Exercise objective ::
Return each of the entries below precisely as it appears.

Provided entries ::
****************************************
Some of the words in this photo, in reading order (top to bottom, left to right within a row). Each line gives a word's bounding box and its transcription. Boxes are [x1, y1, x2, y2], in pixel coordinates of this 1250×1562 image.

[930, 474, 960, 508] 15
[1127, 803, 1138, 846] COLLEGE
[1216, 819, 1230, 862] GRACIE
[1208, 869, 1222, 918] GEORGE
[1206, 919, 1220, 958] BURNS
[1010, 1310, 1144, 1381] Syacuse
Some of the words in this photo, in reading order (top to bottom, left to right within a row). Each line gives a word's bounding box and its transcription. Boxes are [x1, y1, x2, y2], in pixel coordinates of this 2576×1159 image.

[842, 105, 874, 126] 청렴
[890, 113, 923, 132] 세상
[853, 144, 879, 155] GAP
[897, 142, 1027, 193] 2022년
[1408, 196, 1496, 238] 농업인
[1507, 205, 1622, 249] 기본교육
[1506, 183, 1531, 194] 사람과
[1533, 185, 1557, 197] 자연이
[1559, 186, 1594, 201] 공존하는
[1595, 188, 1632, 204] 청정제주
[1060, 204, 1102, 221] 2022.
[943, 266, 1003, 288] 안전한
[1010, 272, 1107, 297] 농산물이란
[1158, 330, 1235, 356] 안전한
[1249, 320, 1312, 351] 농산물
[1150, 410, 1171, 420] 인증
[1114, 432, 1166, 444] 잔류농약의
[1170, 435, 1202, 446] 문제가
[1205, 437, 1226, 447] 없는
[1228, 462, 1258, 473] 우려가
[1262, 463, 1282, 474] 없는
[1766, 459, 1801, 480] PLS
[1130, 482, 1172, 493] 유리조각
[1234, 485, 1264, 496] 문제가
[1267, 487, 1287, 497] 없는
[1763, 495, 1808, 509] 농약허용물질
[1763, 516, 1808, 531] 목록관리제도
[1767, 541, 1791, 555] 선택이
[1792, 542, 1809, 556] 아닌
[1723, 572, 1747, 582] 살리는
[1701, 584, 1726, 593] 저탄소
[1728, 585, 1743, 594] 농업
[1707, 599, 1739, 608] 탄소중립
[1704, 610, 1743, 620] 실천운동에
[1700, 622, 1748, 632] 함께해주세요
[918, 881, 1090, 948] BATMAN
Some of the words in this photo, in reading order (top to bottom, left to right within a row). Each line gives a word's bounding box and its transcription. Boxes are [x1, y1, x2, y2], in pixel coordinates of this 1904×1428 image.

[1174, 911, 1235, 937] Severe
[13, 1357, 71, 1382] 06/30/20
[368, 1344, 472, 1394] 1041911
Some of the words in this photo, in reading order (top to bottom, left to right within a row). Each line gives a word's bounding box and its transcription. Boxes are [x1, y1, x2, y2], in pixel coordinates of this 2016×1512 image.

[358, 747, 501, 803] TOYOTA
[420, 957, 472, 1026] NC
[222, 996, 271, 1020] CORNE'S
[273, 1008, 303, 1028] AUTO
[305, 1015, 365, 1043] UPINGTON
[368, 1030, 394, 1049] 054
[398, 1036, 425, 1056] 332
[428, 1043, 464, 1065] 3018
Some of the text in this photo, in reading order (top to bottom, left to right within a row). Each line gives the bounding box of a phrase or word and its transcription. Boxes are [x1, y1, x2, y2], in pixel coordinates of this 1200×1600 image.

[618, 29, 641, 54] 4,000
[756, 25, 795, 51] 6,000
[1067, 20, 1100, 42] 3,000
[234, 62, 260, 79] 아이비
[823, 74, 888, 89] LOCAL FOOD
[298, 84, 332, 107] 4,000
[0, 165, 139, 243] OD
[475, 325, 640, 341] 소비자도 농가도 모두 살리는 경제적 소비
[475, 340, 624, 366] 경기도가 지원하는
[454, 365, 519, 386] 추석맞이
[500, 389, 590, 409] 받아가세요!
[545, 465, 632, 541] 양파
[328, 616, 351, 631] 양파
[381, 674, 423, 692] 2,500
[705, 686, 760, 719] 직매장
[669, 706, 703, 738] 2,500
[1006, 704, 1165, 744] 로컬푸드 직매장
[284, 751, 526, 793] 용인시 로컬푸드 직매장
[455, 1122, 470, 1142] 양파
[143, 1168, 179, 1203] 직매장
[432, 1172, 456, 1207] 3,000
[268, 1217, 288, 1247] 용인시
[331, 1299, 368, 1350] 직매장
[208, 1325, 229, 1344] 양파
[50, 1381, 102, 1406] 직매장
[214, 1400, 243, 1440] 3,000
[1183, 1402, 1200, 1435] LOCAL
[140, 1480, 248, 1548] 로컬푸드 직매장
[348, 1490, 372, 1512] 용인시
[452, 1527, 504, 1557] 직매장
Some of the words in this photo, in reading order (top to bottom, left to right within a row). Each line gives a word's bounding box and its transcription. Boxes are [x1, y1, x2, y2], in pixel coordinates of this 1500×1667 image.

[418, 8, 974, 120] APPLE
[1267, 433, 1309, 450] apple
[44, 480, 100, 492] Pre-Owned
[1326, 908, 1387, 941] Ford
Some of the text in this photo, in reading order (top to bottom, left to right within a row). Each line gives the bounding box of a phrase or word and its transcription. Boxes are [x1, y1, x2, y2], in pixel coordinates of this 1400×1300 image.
****************************************
Written answer ::
Some of the words in this photo, in reading order (top to bottom, left to right within a row). Each line gives a word's bounding box and its transcription. Boxes are [x1, y1, x2, y2], in pixel coordinates of this 1250×1562 image.

[930, 474, 960, 508] 15
[1127, 803, 1138, 846] COLLEGE
[1216, 819, 1230, 862] GRACIE
[1208, 869, 1222, 918] GEORGE
[1206, 919, 1220, 958] BURNS
[1010, 1310, 1144, 1381] Syacuse
Some of the words in this photo, in reading order (top to bottom, left to right within a row). Each line gives a word's bounding box and its transcription. Boxes are [x1, y1, x2, y2], in pixel coordinates of this 2576×1159 image.

[842, 105, 874, 126] 청렴
[890, 113, 923, 132] 세상
[853, 144, 879, 155] GAP
[897, 142, 1027, 193] 2022년
[1408, 196, 1496, 238] 농업인
[1507, 205, 1622, 249] 기본교육
[1506, 183, 1531, 194] 사람과
[1533, 185, 1557, 197] 자연이
[1559, 186, 1594, 201] 공존하는
[1595, 188, 1632, 204] 청정제주
[1060, 204, 1102, 221] 2022.
[943, 266, 1003, 288] 안전한
[1010, 272, 1107, 297] 농산물이란
[1158, 330, 1235, 356] 안전한
[1249, 320, 1312, 351] 농산물
[1150, 410, 1171, 420] 인증
[1114, 432, 1166, 444] 잔류농약의
[1170, 435, 1202, 446] 문제가
[1205, 437, 1226, 447] 없는
[1228, 462, 1258, 473] 우려가
[1262, 463, 1282, 474] 없는
[1766, 459, 1801, 480] PLS
[1130, 482, 1172, 493] 유리조각
[1234, 485, 1264, 496] 문제가
[1267, 487, 1287, 497] 없는
[1763, 495, 1808, 509] 농약허용물질
[1763, 516, 1808, 531] 목록관리제도
[1767, 541, 1791, 555] 선택이
[1792, 542, 1809, 556] 아닌
[1723, 572, 1747, 582] 살리는
[1701, 584, 1726, 593] 저탄소
[1728, 585, 1743, 594] 농업
[1707, 599, 1739, 608] 탄소중립
[1704, 610, 1743, 620] 실천운동에
[1700, 622, 1748, 632] 함께해주세요
[918, 881, 1090, 948] BATMAN
Some of the words in this photo, in reading order (top to bottom, left to right within a row). Each line gives a word's bounding box and its transcription. Boxes are [x1, y1, x2, y2], in pixel coordinates of this 1904×1428 image.

[1174, 911, 1235, 937] Severe
[13, 1357, 71, 1382] 06/30/20
[368, 1344, 472, 1394] 1041911
Some of the words in this photo, in reading order (top to bottom, left to right within a row). Each line gives a word's bounding box and its transcription. Boxes are [x1, y1, x2, y2], in pixel coordinates of this 2016×1512 image.

[358, 747, 501, 803] TOYOTA
[420, 957, 472, 1026] NC
[222, 996, 271, 1020] CORNE'S
[273, 1008, 303, 1028] AUTO
[305, 1015, 365, 1043] UPINGTON
[368, 1030, 394, 1049] 054
[398, 1036, 425, 1056] 332
[428, 1043, 464, 1065] 3018
Some of the text in this photo, in reading order (top to bottom, left to right within a row). Each line gives the bounding box of a phrase or word and its transcription. Boxes are [x1, y1, x2, y2], in pixel coordinates of this 1200×1600 image.

[618, 29, 641, 54] 4,000
[756, 25, 795, 51] 6,000
[1067, 20, 1100, 42] 3,000
[234, 62, 260, 79] 아이비
[823, 74, 888, 89] LOCAL FOOD
[298, 84, 332, 107] 4,000
[0, 165, 139, 243] OD
[475, 325, 640, 341] 소비자도 농가도 모두 살리는 경제적 소비
[475, 340, 624, 366] 경기도가 지원하는
[454, 365, 519, 386] 추석맞이
[500, 389, 590, 409] 받아가세요!
[545, 465, 632, 541] 양파
[328, 616, 351, 631] 양파
[381, 674, 423, 692] 2,500
[705, 686, 760, 719] 직매장
[669, 706, 703, 738] 2,500
[1006, 704, 1165, 744] 로컬푸드 직매장
[284, 751, 526, 793] 용인시 로컬푸드 직매장
[455, 1122, 470, 1142] 양파
[143, 1168, 179, 1203] 직매장
[432, 1172, 456, 1207] 3,000
[268, 1217, 288, 1247] 용인시
[331, 1299, 368, 1350] 직매장
[208, 1325, 229, 1344] 양파
[50, 1381, 102, 1406] 직매장
[214, 1400, 243, 1440] 3,000
[1183, 1402, 1200, 1435] LOCAL
[140, 1480, 248, 1548] 로컬푸드 직매장
[348, 1490, 372, 1512] 용인시
[452, 1527, 504, 1557] 직매장
Some of the words in this photo, in reading order (top to bottom, left to right within a row). Each line gives a word's bounding box and its transcription. Boxes are [x1, y1, x2, y2], in pixel coordinates of this 1500×1667 image.

[418, 8, 974, 120] APPLE
[1267, 433, 1309, 450] apple
[44, 480, 100, 492] Pre-Owned
[1326, 908, 1387, 941] Ford
Some of the text in this photo, in reading order (top to bottom, left to right within a row). Each line gives the bounding box of a phrase or word and its transcription. Boxes are [x1, y1, x2, y2], in pixel coordinates of this 1400×1300 image.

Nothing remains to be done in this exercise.